The Scottish Government has announced that there is to be a draft bill for a second referendum on Scottish independence – indyref2. There is already much comment about what the question will be (perhaps a variant of Leave/Remain to comply with Electoral Commission guidance post 2014), whether independence will win this time, what the terms of divorce might look like and the perennial questions about currency, deficits and pensions. Yet, there has been no recognition that indyref2 has already been decided and the answer is No.
Whilst many, myself included, believe independence should be a matter for the Scottish people, the fact remains that it isn’t. Even the SNP reluctantly acknowledge that independence is reserved to Westminster. Should there be an overall majority at Holyrood in May 2021, the Scottish Parliament can only request permission from Westminster for a Section 30 Order under the Scotland Act for the temporary powers to hold indyref2. That was the process last time (the Edinburgh Agreement of 2012) and the assumption is that Westminster will once again meekly comply. Leaving aside the poor taste in raising deeply divisive constitutional issues in the midst of a global pandemic, there is one reason above all others why the UK Government and Conservative MPs are likely to reject a request for indyref2 – they have already promised their voters to do so.
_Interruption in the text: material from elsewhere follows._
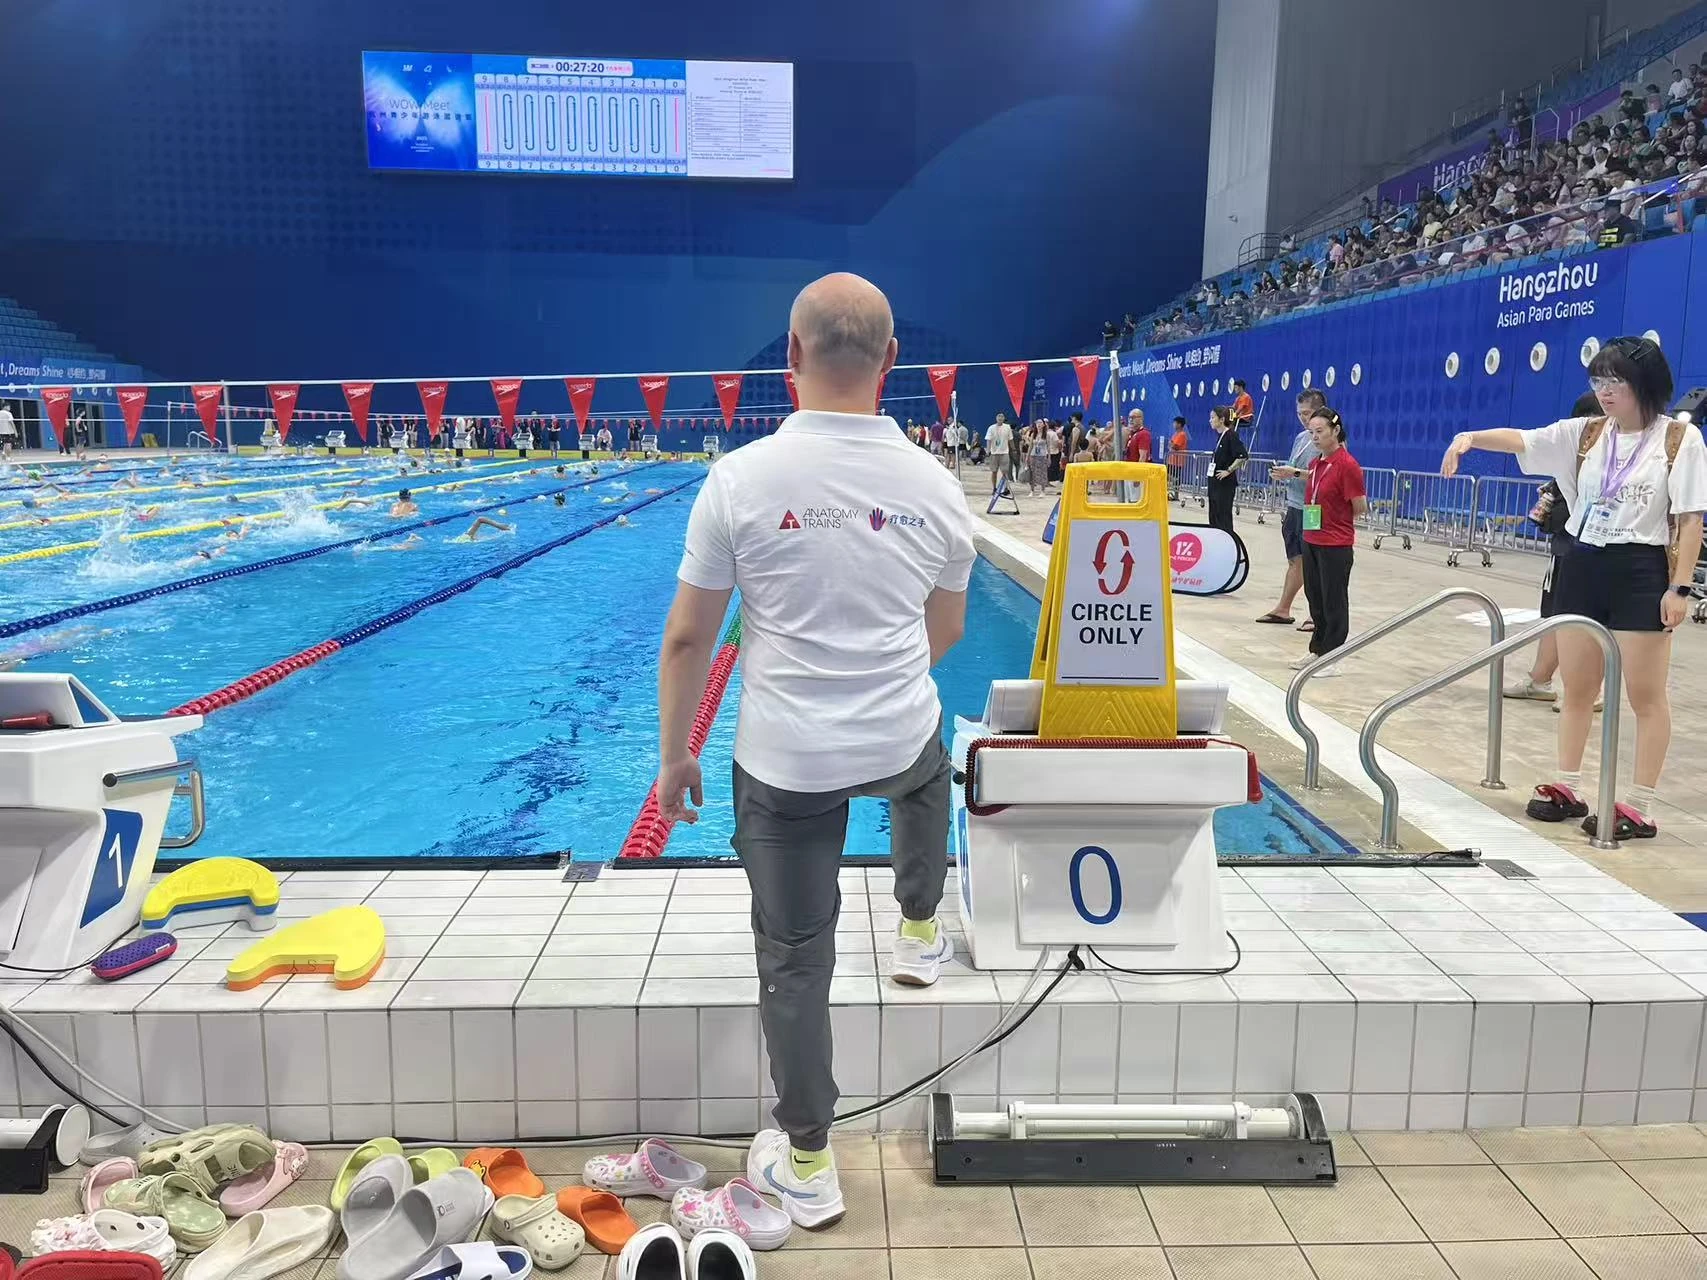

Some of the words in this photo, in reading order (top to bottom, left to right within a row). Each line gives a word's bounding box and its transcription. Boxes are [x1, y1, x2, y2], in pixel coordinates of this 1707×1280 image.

Page 45 of the Conservative Party Manifesto 2019 couldn’t be more clear. In full:
“We are opposed to a second independence referendum and stand with the majority of people in Scotland, who do not want to return to division and uncertainty. Nicola Sturgeon and the SNP promised that the 2014 referendum would be a ‘once in a generation’ vote and the result was decisive. We believe that outcome should be respected.”
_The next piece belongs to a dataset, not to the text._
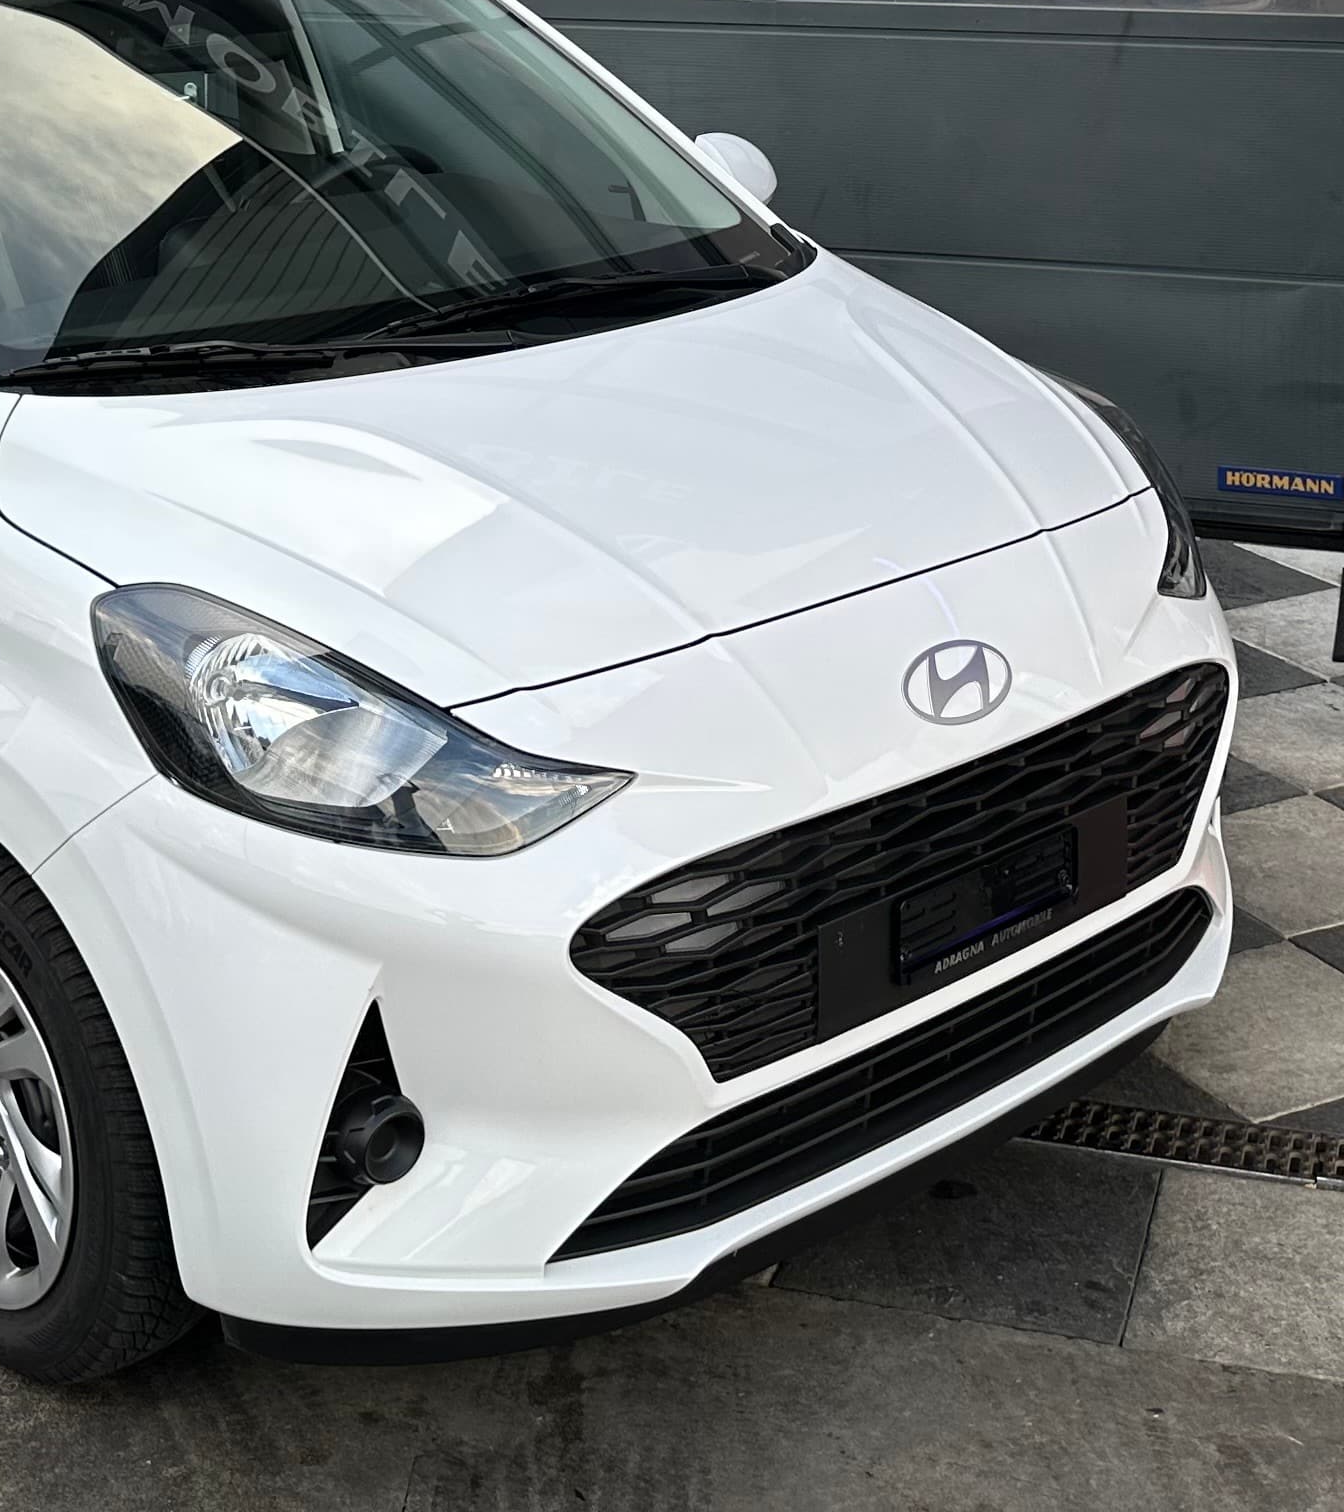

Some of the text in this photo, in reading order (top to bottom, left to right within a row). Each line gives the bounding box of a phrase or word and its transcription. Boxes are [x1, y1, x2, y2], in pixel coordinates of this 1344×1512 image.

This was written in the full knowledge that subsequent Holyrood elections may produce pro-independence majorities. Yet there are no caveats, no ‘unless circumstances change’ cop-outs. Even the bold script is Boris’s emphasis, not mine.
Manifestos matter. It’s not a legal matter – there is no question that Parliament has the power to decide what it likes. However, that doesn’t mean that it has the right to do so and this is where manifestos come in. Along with a candidate’s speeches during a campaign, the manifesto is effectively the contract between MP and voter. During the last Parliament, rebel Conservative MPs tested the country’s tolerance on this point nearly to breaking point by reneging on their No Deal pledge in their 2017 manifesto (page 36). They cited grounds of conscience although they, with very few exceptions, had made no mention of their dilemma when seeking election. The electorate rendered their judgement on them all at the subsequent general election.
Bottom line: you need the consent of the electorate for major constitutional decisions. Whether it is House of Lord reform (Blair 1997), joining EEC (Heath 1970), staying in EEC/EU (Wilson 1974, Cameron 2015), leaving EU (Johnson 2019), devolution (Wilson 1974, Blair 1997) and so on… they were all in the winning manifestos. It’s how our democracy works; our process for constitutional change. It has worked for generations.
The sole exception to this principle was Cameron’s decision to approve indyref1. This struck me at the time as pregnant with danger for our democracy, let alone UK. I wrote Betrayal of Britain (serialised on this site in 2016) as a result. If this analysis is wrong, then think about the Monarchy. If Parliament really does have the right as well as the power to decide these profound constitutional questions for itself, then how could anyone object if Parliament woke up tomorrow and voted to abolish the Monarchy? It would be perfectly legal but only the most naïve would expect the country to accept it. As with all this, to abolish the Monarchy you would first need a mandate from the people.
Given that the very existence of UK, the survival of Great Britain as an identity, let alone our flag and 313 years of shared history – good and bad – are at stake, it would be a brave MP indeed who could look their constituent in the eye and explain why this promise is being broken.
So how can Scotland become independent when it is subject to the tyranny of Westminster? The answer is simple. As with devolution, UK-wide parties need to be persuaded of Scotland’s right to choose and include it in their manifestos. I would support that pledge even if it resulted in the end of the country I love. I have yet to hear of an SNP supporter or politician making any such appeal to Labour, Liberal Democrats or even the Conservatives.
The Tory pledge to block indyref2 is there for all to read today. It would save a lot of time and energy that could be devoted to other things right now if anyone interested in indyref2 could give it a glance.
Indyref2 was decided on 12 December 2019. Someone, please tell Nicola.